En efecto, el hotel parecía trastornado. Todos los criados corrían arriba y abajo de la escalera y de las habitaciones. Georges se había pasado la noche en un sillón del salón. Él fue quien aquella tarde dio la noticia a los amigos de la señora a la hora en que ella tenía la costumbre de recibir visitas. Aún estaba pálido y contaba la historia, sin reprimir su estupor y su emoción. Steiner, Héctor, Philippe y otros más se habían presentado. Desde las primeras palabras no hacían más que exclamar: ¡No es posible! Debe de ser una farsa.

En seguida se ponían serios, miraban hacia la puerta del dormitorio con gesto adusto, meneando la cabeza, no encontrando gracioso aquello. Hasta medianoche una docena de señores estuvieron hablando bajo cerca de la chimenea, todos ellos amigos y todos inquietos por la misma idea de paternidad.

Parecían excusarse unos a otros, torpemente. Luego se encogieron de hombros; aquello no les incumbía, y era culpa de ella. ¡Qué asombrosa resultaba Nana! Nunca hubiesen creído en semejante broma por su parte. Y todos se fueron, uno detrás de otro, de puntillas, como si estuviesen en la alcoba de un muerto, donde ya no se podía reír.

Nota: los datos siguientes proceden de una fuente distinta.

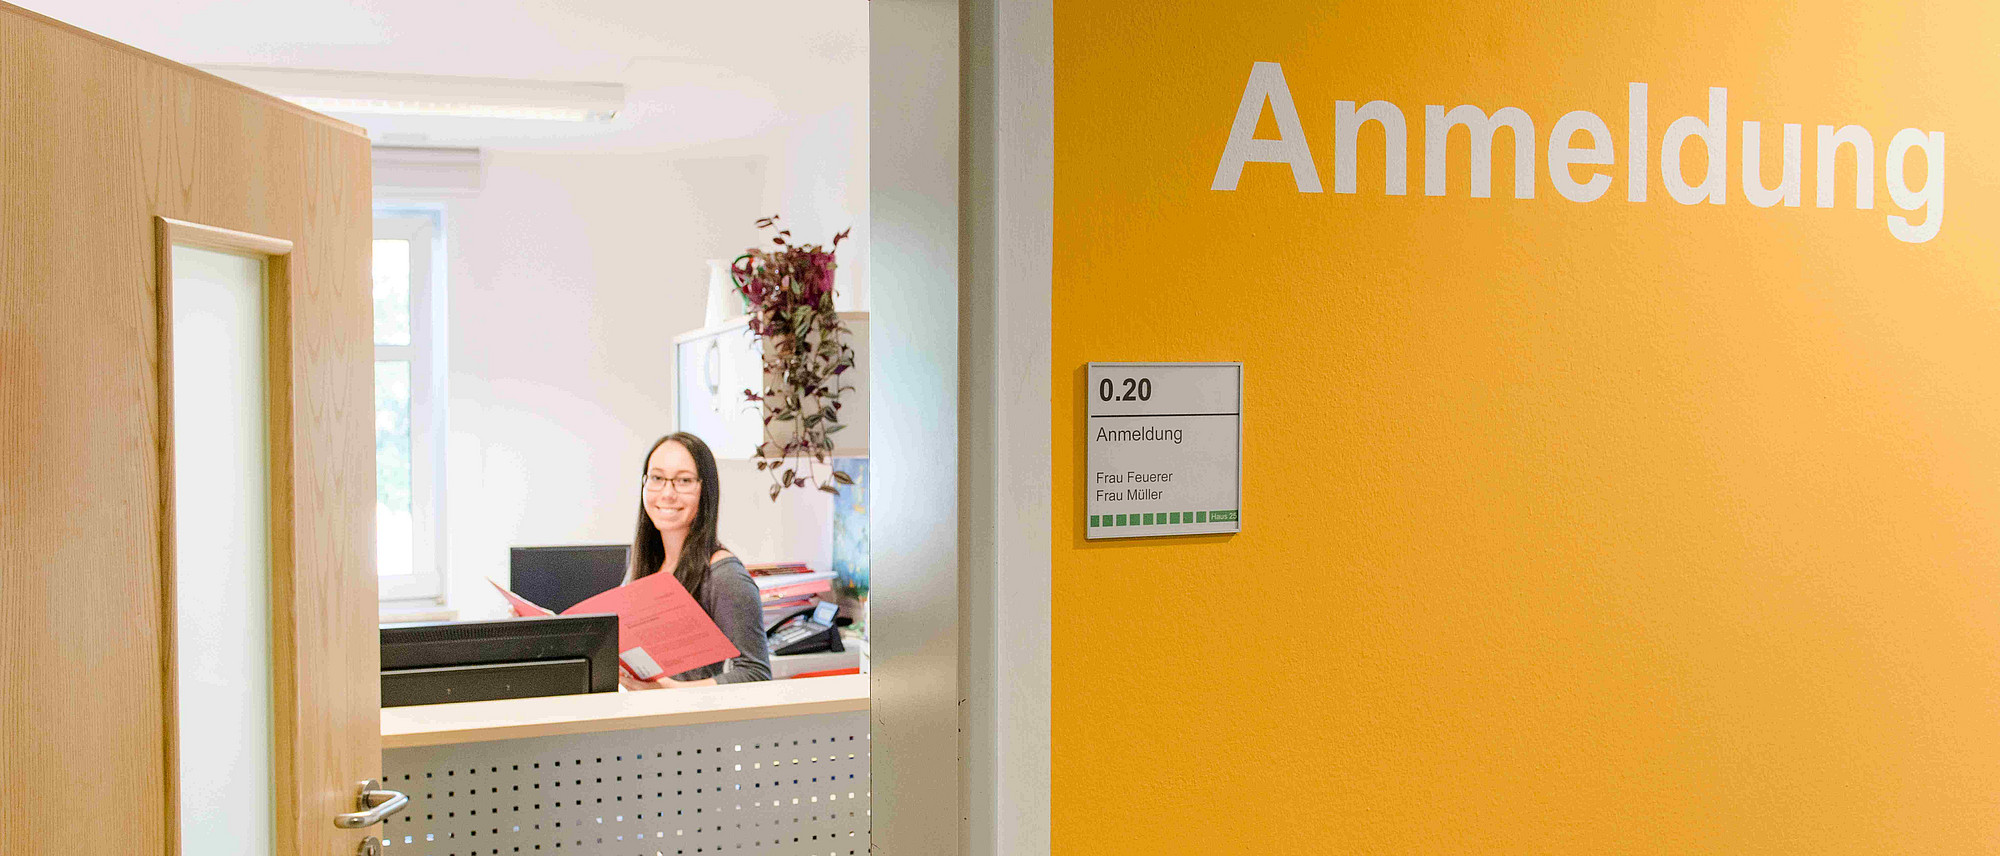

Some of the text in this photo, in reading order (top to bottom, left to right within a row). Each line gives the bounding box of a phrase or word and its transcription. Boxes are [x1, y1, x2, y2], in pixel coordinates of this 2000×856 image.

[1210, 60, 1946, 243] Anmeldung
[1099, 377, 1152, 402] 0.20
[1096, 426, 1183, 444] Anmeldung
[1096, 471, 1173, 484] Frau Feuerer
[1096, 488, 1163, 501] Frau Müller
[1210, 511, 1237, 520] Haus 25
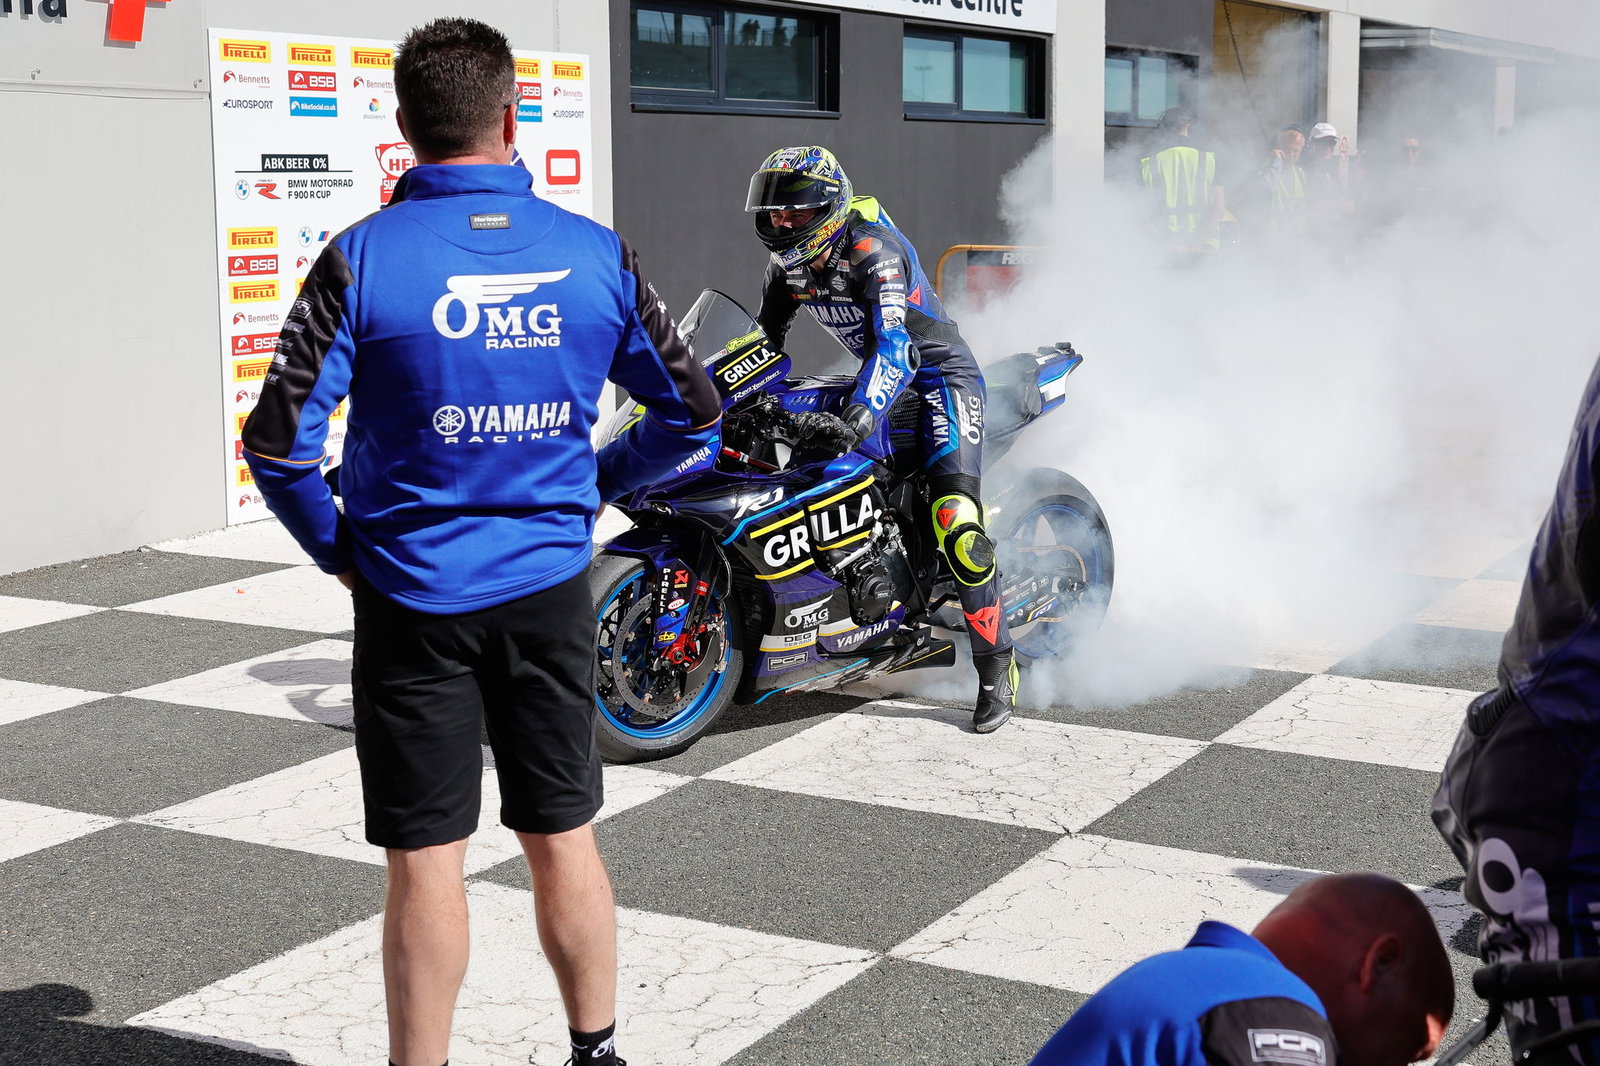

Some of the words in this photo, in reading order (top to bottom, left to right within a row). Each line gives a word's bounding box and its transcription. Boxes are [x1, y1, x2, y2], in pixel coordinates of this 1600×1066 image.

[223, 43, 266, 59] PIRELLI
[291, 47, 332, 62] PIRELLI
[354, 51, 391, 66] PIRELLI
[514, 61, 538, 75] RELLI
[554, 64, 581, 77] PIRELLI
[238, 74, 270, 84] Bennetts
[309, 76, 335, 88] BSB
[366, 79, 394, 89] Bennetts
[522, 86, 541, 96] BSB
[226, 99, 273, 110] EUROSPORT
[264, 157, 285, 170] ABK
[286, 157, 310, 170] BEER
[313, 157, 327, 169] 0%
[288, 179, 307, 188] BMW
[310, 179, 353, 188] MOTORRAD
[288, 191, 293, 199] F
[294, 191, 309, 199] 900
[310, 190, 315, 199] R
[316, 190, 331, 199] CUP
[474, 216, 507, 225] Harlequin
[231, 231, 273, 245] PIRELLI
[249, 259, 277, 271] BSB
[233, 284, 275, 299] PIRELLI
[248, 313, 279, 323] Bennetts
[432, 291, 562, 340] OMG
[485, 336, 561, 350] RACING
[724, 347, 776, 383] GRILLA.
[467, 401, 571, 433] YAMAHA
[328, 432, 344, 441] netts
[444, 429, 561, 444] RACING
[675, 446, 712, 474] YAMAHA
[763, 493, 882, 568] GRILLA.
[660, 567, 671, 614] PIRELLI
[784, 607, 830, 628] OMG
[657, 631, 677, 642] sbs
[784, 632, 812, 643] DEG
[836, 619, 890, 649] YAMAHA
[770, 653, 806, 665] PCR

—Pero suba usted, señor —le pidió Zoé a Muffat—. La señora está mucho mejor, y podrá recibirle… Esperamos al doctor, que ha prometido volver esta mañana.

La doncella había convencido a Georges para que volviese a su casa y durmiera un poco. Arriba, en el salón, no había más que Satin, echada en un diván, fumando un cigarrillo y con los ojos en el vacío.

Desde el accidente, en medio del atolondramiento de toda la casa, ella sólo mostraba una rabia fría con sus encogimientos de hombros y sus agresivas palabras.

En el momento en que Zoé pasaba por delante de ella repitiendo al conde que su pobre señora había sufrido mucho, soltó irritada:

—¡Le está bien empleado! ¡Así aprenderá!

Los dos se volvieron sorprendidos. Satin no se había movido, los ojos fijos en el techo y el cigarrillo colgando nerviosamente entre sus labios.

—¡Pues sí que es usted buena! —dijo Zoé.

Pero Satin se incorporó rápidamente, miró iracunda al conde y le lanzó de nuevo su frase a la cara:

—¡Le está bien empleado! ¡Así aprenderá!

Y volvió a echarse, sopló unos aros de humos, como desinteresada, y resolvió no mezclarse en nada. Aquello era demasiado estúpido.

Zoé acababa de introducir a Muffat en el dormitorio. Un olor a éter reinaba en medio de un tibio silencio que los escasos coches de la avenida de Villiers apenas turbaban con su sordo sonar. Nana, cuya palidez resaltaba sobre la almohada, no dormía, y sus grandes y soñadores ojos permanecían abiertos. Sonrió, sin moverse, al ver al conde.

—Ah, gatito mío —murmuró con voz lenta—; creí que no volvería a verte.

Luego, cuando él se inclinó para besarle los cabellos, Nana se enterneció y le habló del niño de buena fe, como si él fuese el padre.

—No me atrevía a decírtelo… ¡Era tan feliz…! Hacía proyectos, hubiese querido que fuera digno de ti. Y de pronto, ya no hay nada… En fin, tal vez sea mejor. No quiero poner un obstáculo en tu vida.

Él, asombrado de esta paternidad, balbucía frases. Había cogido una silla y se sentó junto a la cama, un brazo apoyado en la colcha. Nana se dio cuenta de que estaba trastornado, como si tuviese los ojos inyectados en sangre y le temblasen los labios.

—¿Qué tienes? ¿Estás enfermo tú también?

—No —respondió penosamente.

Nana le miró con la mayor atención. Con una seña despidió a Zoé, que se demoraba colocando en orden los frascos. Y cuando estuvieron solos, ella lo atrajo y repitió:

—¿Qué tienes, querido? Estás llorando; lo estoy viendo. Habla, tú has venido para decirme algo.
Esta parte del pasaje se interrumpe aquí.